** Opening Supplied data block **
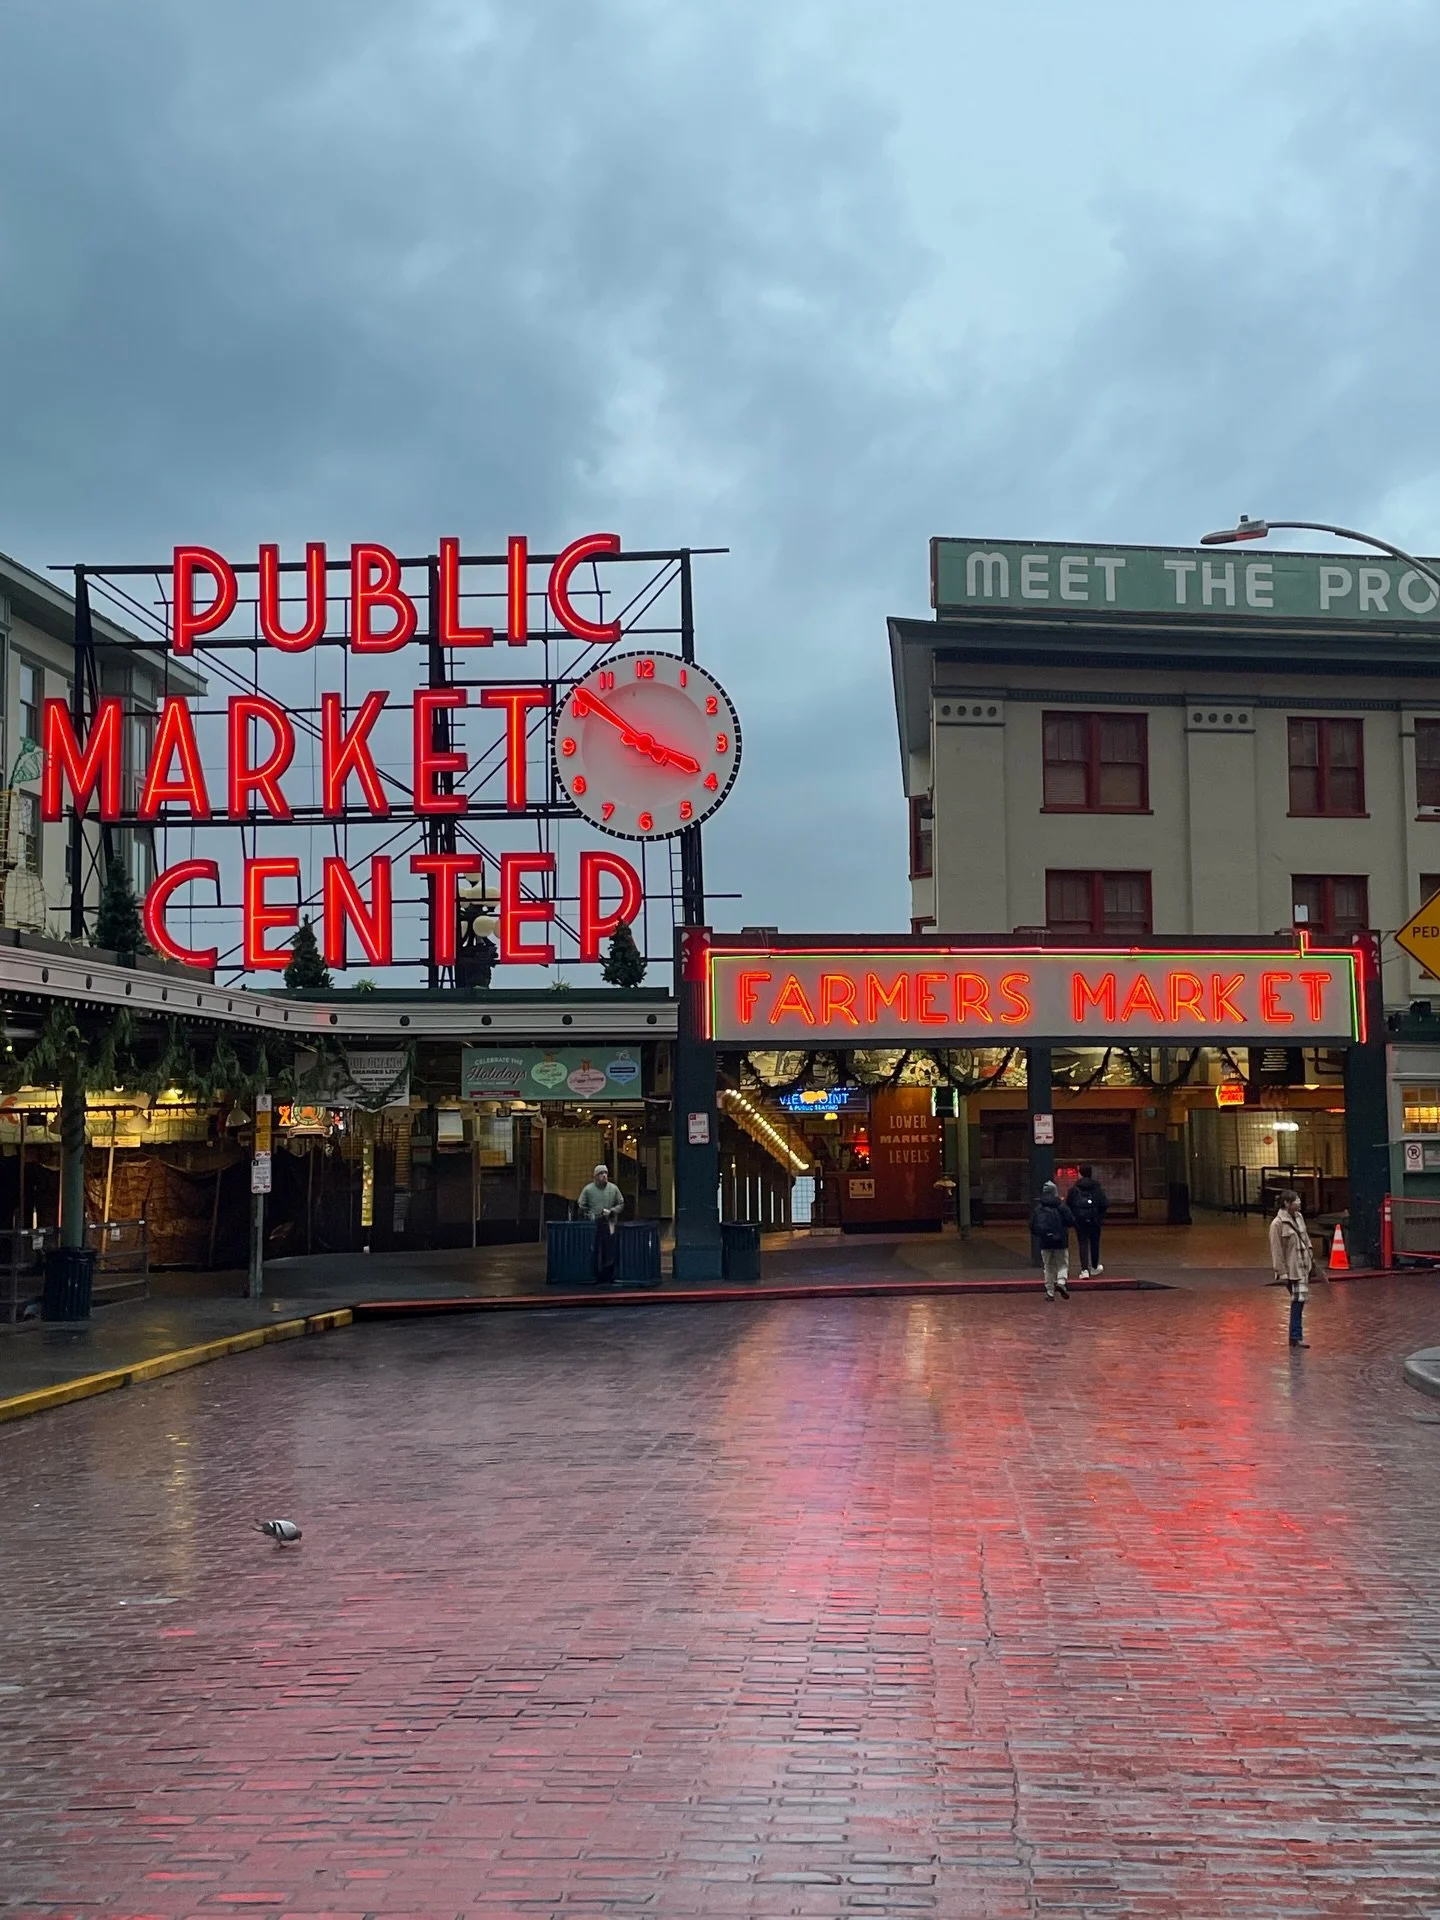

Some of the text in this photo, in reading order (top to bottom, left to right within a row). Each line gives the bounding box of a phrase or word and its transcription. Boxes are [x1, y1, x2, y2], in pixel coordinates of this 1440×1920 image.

[965, 551, 1440, 614] MEET THE PRO
[172, 533, 622, 656] PUBLIC
[635, 659, 655, 679] 12
[679, 669, 687, 688] 1
[599, 671, 615, 690] 11
[705, 696, 718, 715] 2
[561, 737, 576, 756] 9
[715, 733, 728, 753] 3
[41, 687, 556, 823] MARKET
[572, 775, 587, 795] 8
[703, 772, 718, 791] 4
[601, 802, 615, 821] 7
[679, 800, 693, 819] 5
[638, 811, 653, 831] 6
[1412, 926, 1440, 938] PED
[738, 971, 1332, 1025] FARMERS MARKET
[474, 1057, 524, 1066] CELEBRATE THE
[466, 1066, 527, 1086] Holidays
[890, 1115, 927, 1129] LOWER
[880, 1134, 938, 1144] MARKET
[889, 1150, 930, 1164] LEVELS
** Closing Supplied data block **
Task to carry out: A word-for-word restatement of all the lines above is needed, with the pictures omitted.

Written solution:
Some of the text in this photo, in reading order (top to bottom, left to right within a row). Each line gives the bounding box of a phrase or word and its transcription. Boxes are [x1, y1, x2, y2], in pixel coordinates of this 1440×1920 image.

[965, 551, 1440, 614] MEET THE PRO
[172, 533, 622, 656] PUBLIC
[635, 659, 655, 679] 12
[679, 669, 687, 688] 1
[599, 671, 615, 690] 11
[705, 696, 718, 715] 2
[561, 737, 576, 756] 9
[715, 733, 728, 753] 3
[41, 687, 556, 823] MARKET
[572, 775, 587, 795] 8
[703, 772, 718, 791] 4
[601, 802, 615, 821] 7
[679, 800, 693, 819] 5
[638, 811, 653, 831] 6
[1412, 926, 1440, 938] PED
[738, 971, 1332, 1025] FARMERS MARKET
[474, 1057, 524, 1066] CELEBRATE THE
[466, 1066, 527, 1086] Holidays
[890, 1115, 927, 1129] LOWER
[880, 1134, 938, 1144] MARKET
[889, 1150, 930, 1164] LEVELS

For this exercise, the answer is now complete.